_RECORD EXTRACTS_:
============================================================
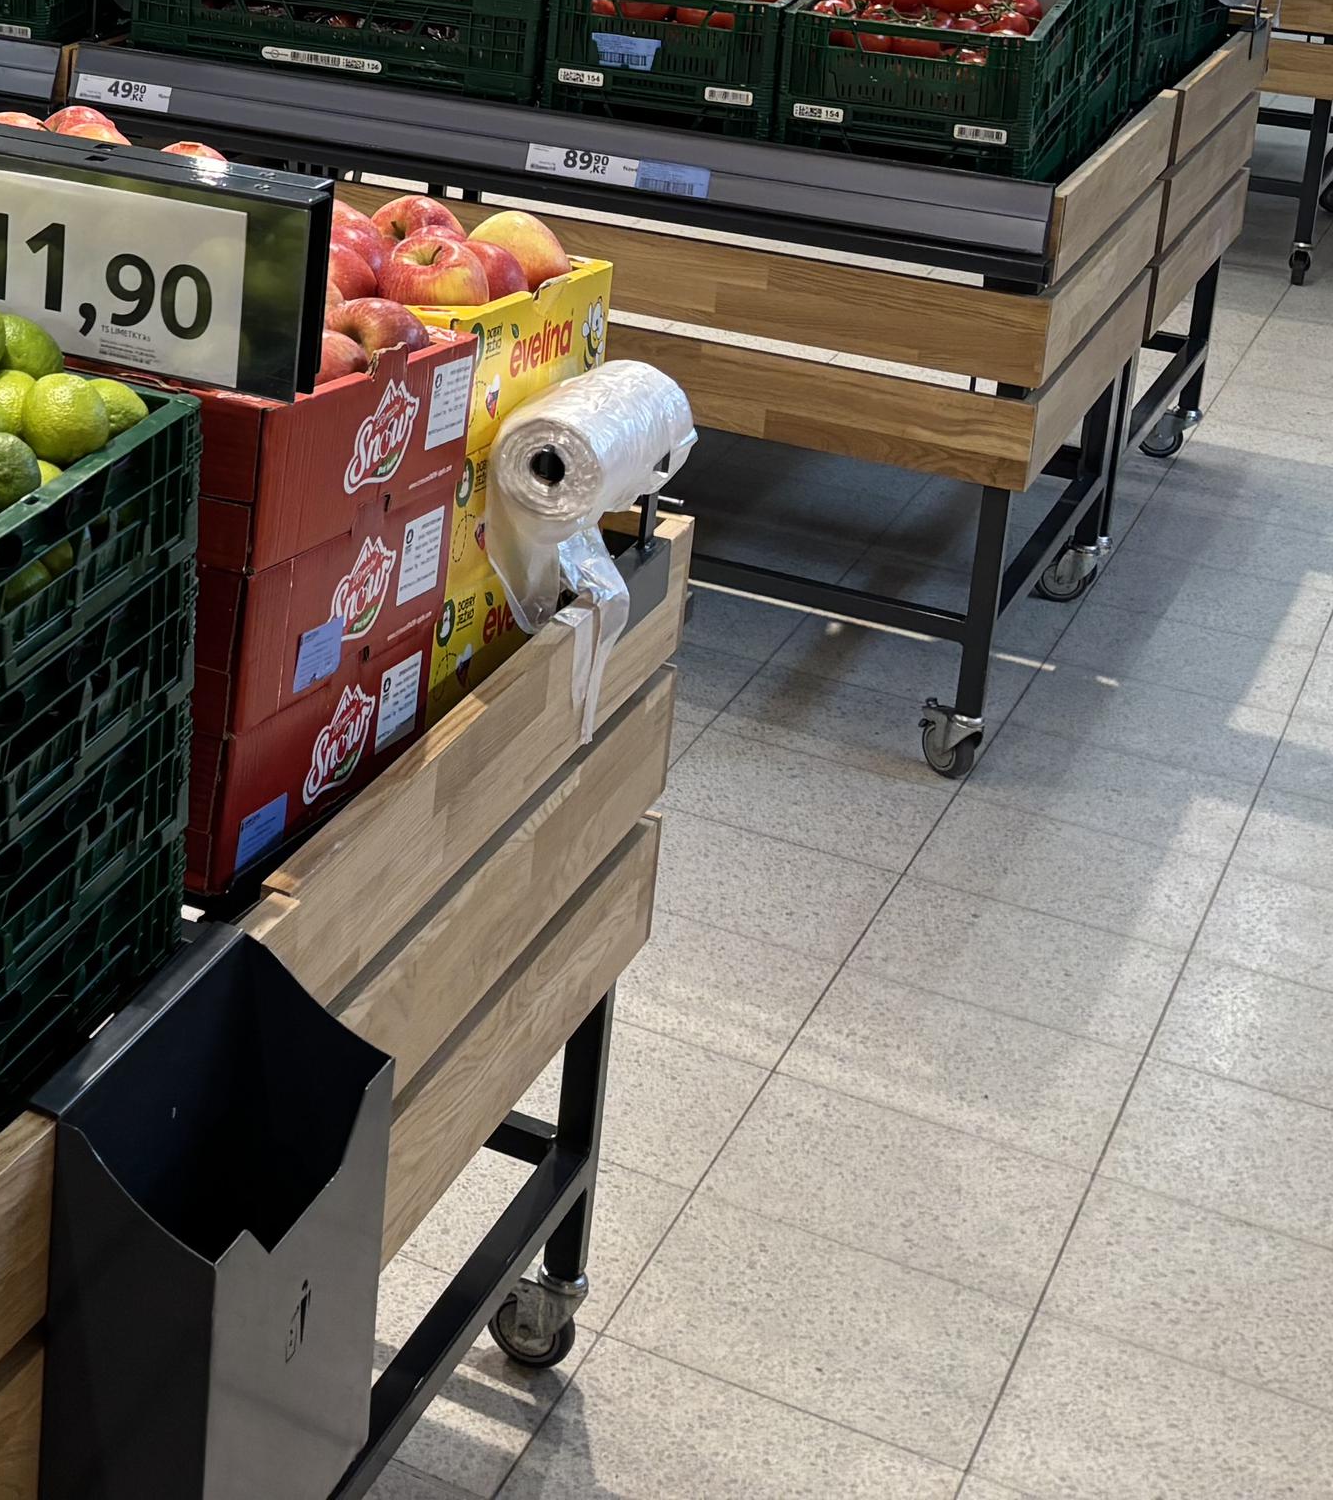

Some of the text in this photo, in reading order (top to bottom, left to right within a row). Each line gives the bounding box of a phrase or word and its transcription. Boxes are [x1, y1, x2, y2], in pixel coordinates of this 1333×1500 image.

[107, 79, 134, 98] 49
[563, 150, 593, 171] 89
[110, 326, 142, 340] LIMETKY
[509, 318, 574, 378] evelina
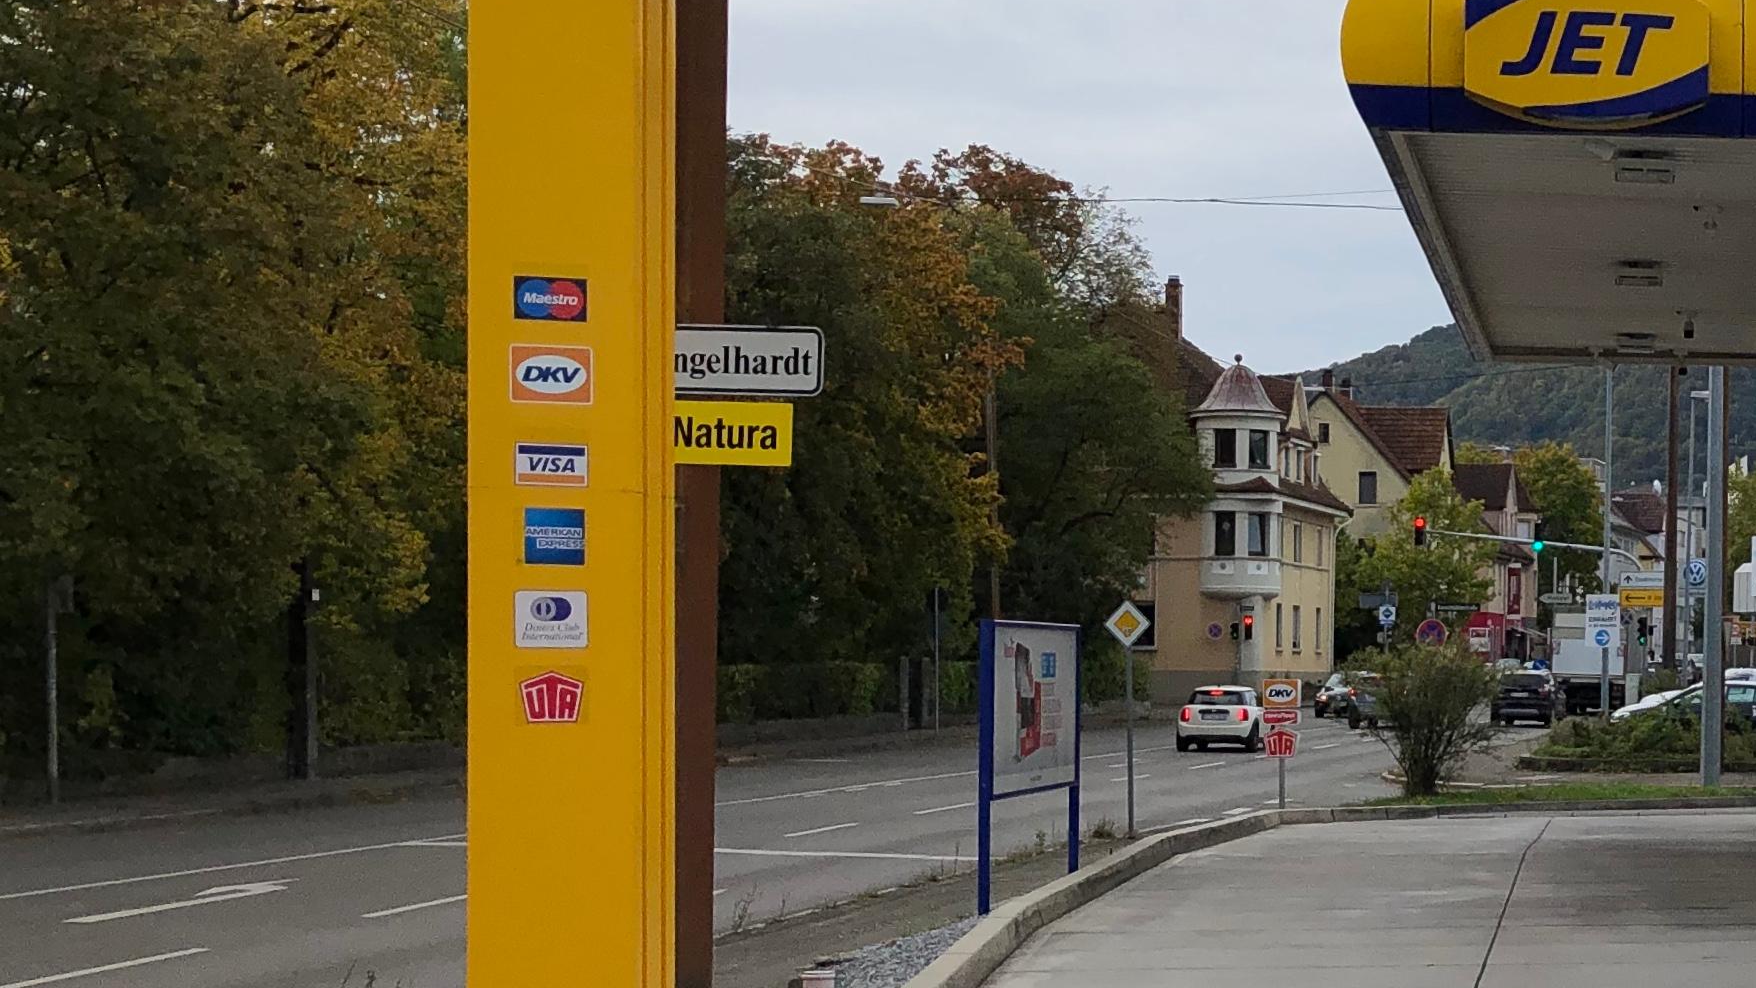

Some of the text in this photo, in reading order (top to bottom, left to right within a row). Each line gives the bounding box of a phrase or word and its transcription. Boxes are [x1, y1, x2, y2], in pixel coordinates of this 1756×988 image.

[1499, 10, 1675, 77] JET
[523, 292, 579, 305] Maestro
[674, 345, 813, 379] ngelhardt
[522, 365, 581, 383] DKV
[673, 415, 778, 450] Natura
[527, 456, 576, 473] VISA
[525, 527, 582, 537] AMERICAN
[524, 675, 579, 720] UTA
[1268, 688, 1294, 698] DKV
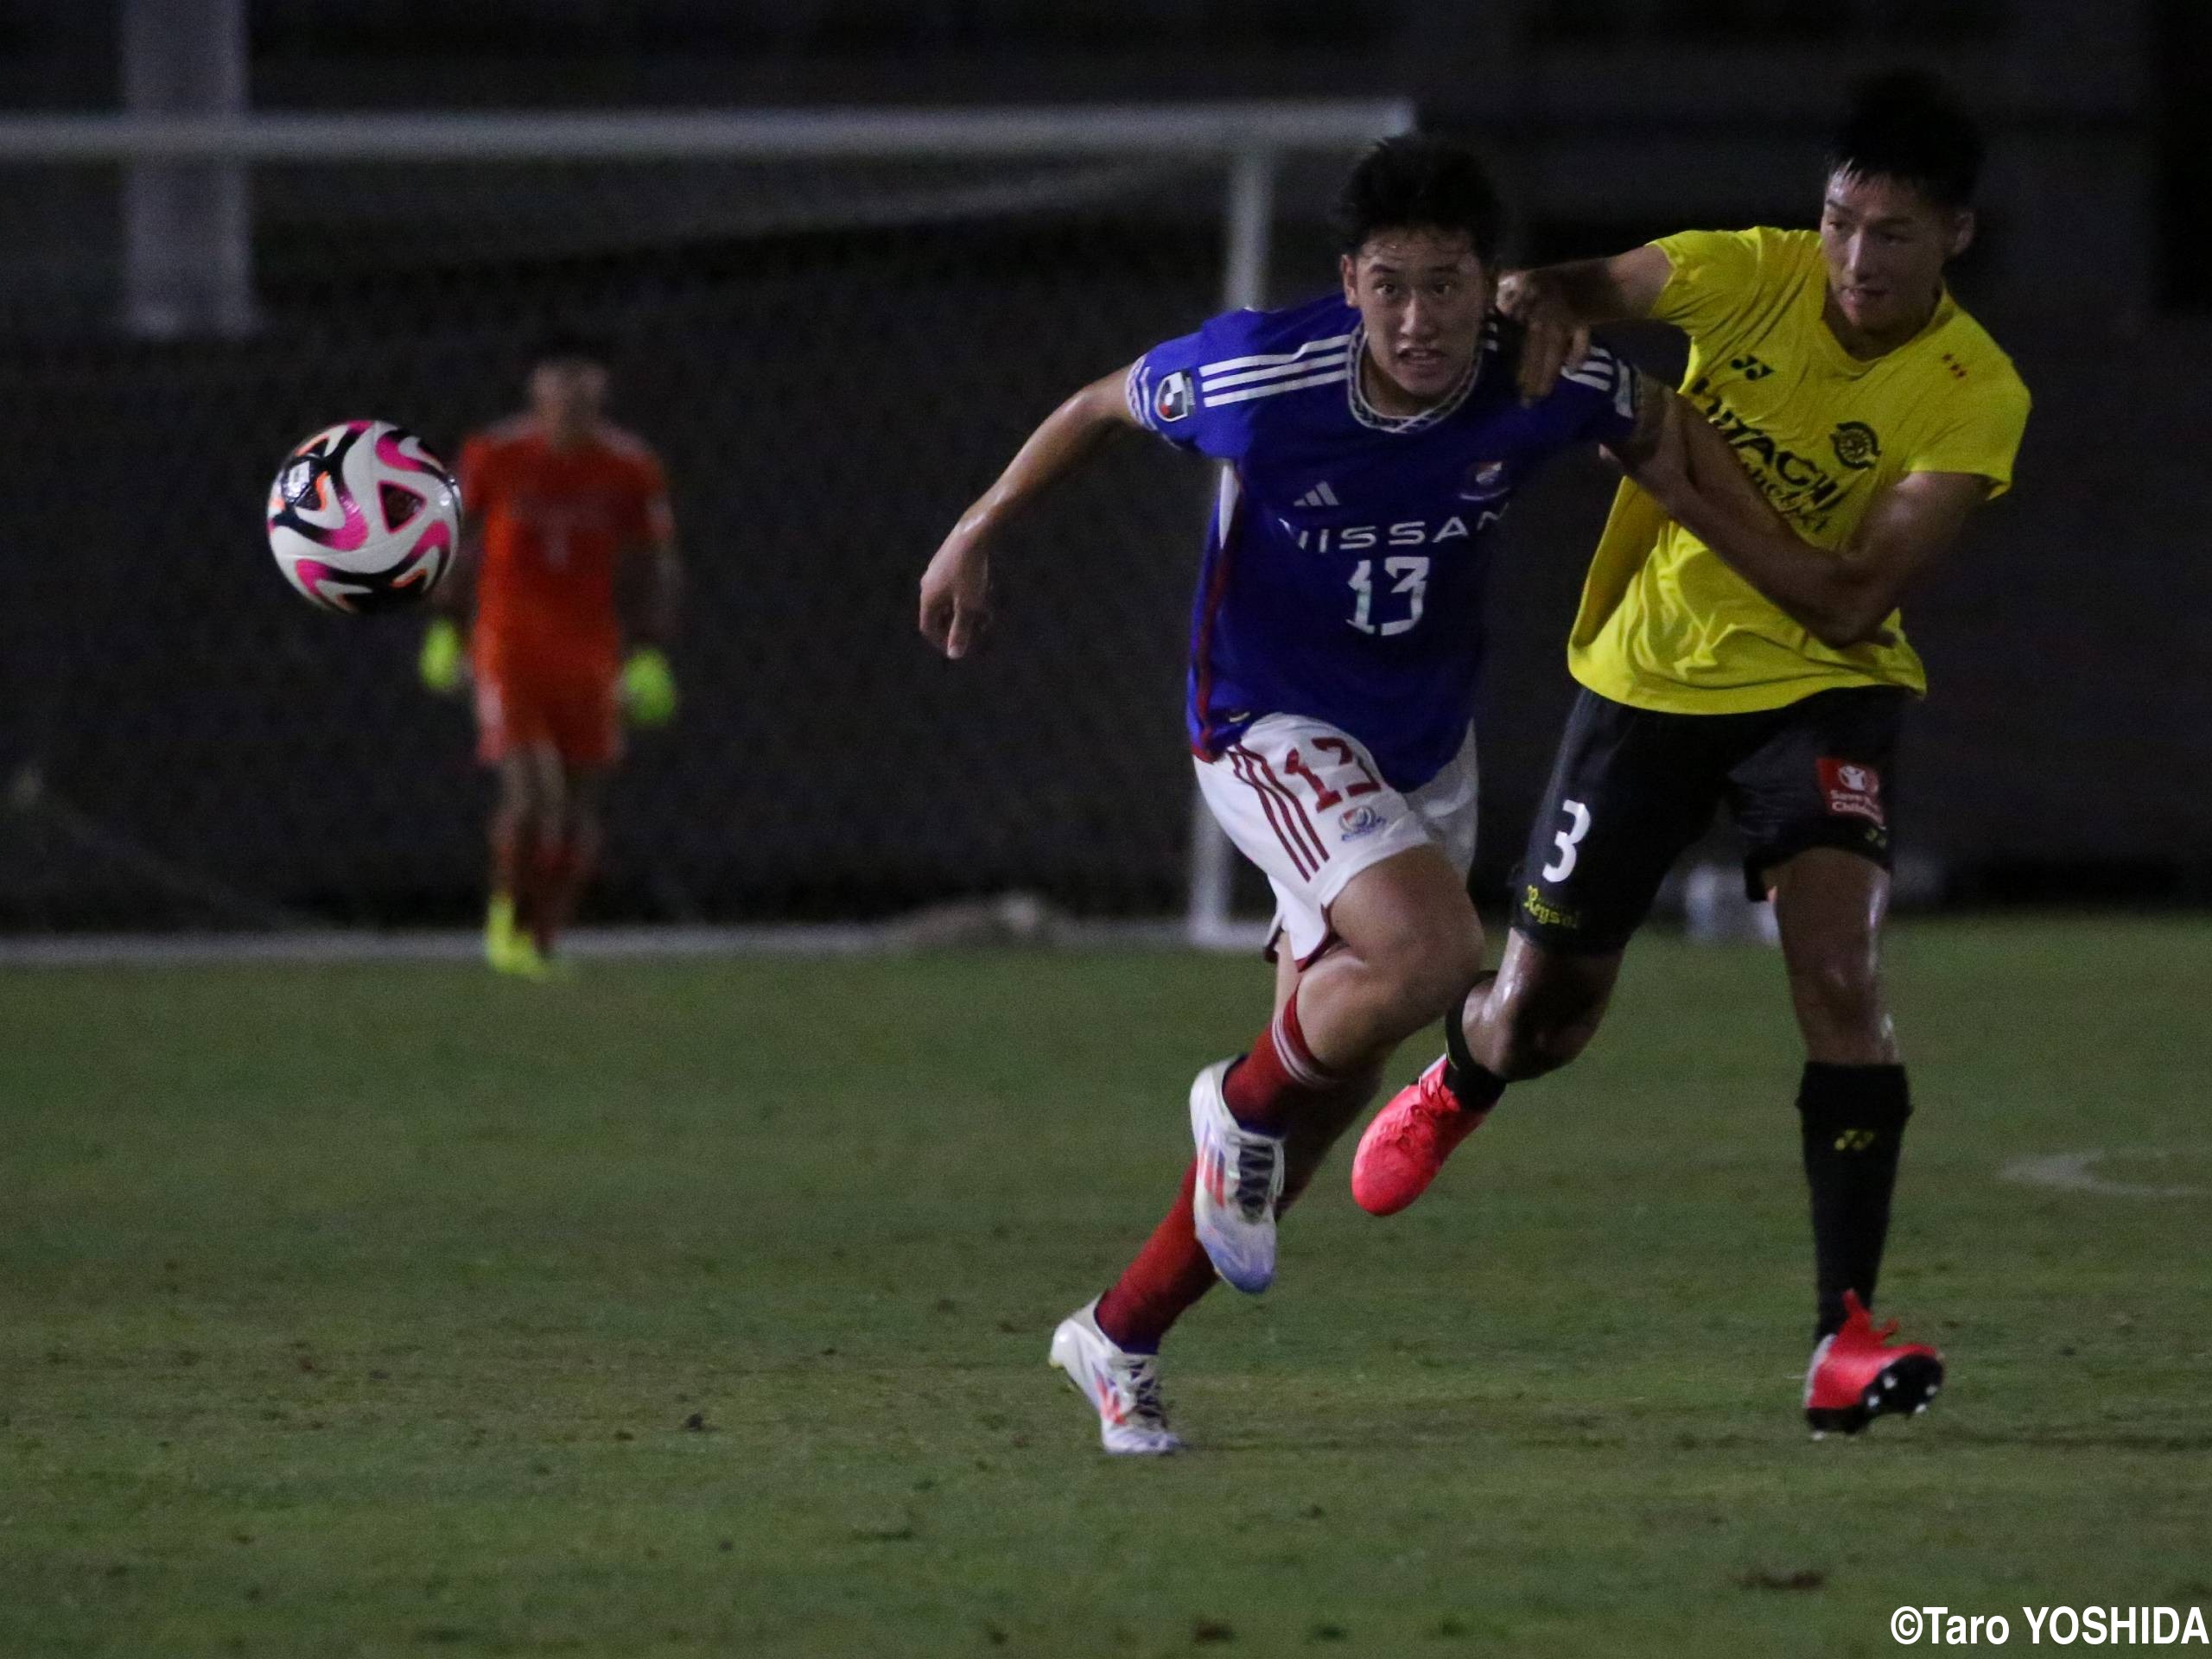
============================================================
_EXERCISE BRIEF_: With the images omitted, repeat all the data word for word.

_RESPONSE TO THE TASK_:
Some of the text in this photo, in reading order (top to bottom, left to right within a row). Each line gives the bounding box of a phrase or word and its transcription. Boxes are [x1, y1, x2, y2], in pixel coordinates of this 1333×1500 image.

[107, 79, 134, 98] 49
[563, 150, 593, 171] 89
[110, 326, 142, 340] LIMETKY
[509, 318, 574, 378] evelina

Some of the text in this photo, in reading order (top to bottom, left to right within a row). Each line gives the bounding box of a phrase or word and its transcription. Boxes are [x1, y1, x2, y2], in pixel coordinates of this 1756×988 image.

[1499, 10, 1675, 77] JET
[523, 292, 579, 305] Maestro
[674, 345, 813, 379] ngelhardt
[522, 365, 581, 383] DKV
[673, 415, 778, 450] Natura
[527, 456, 576, 473] VISA
[525, 527, 582, 537] AMERICAN
[524, 675, 579, 720] UTA
[1268, 688, 1294, 698] DKV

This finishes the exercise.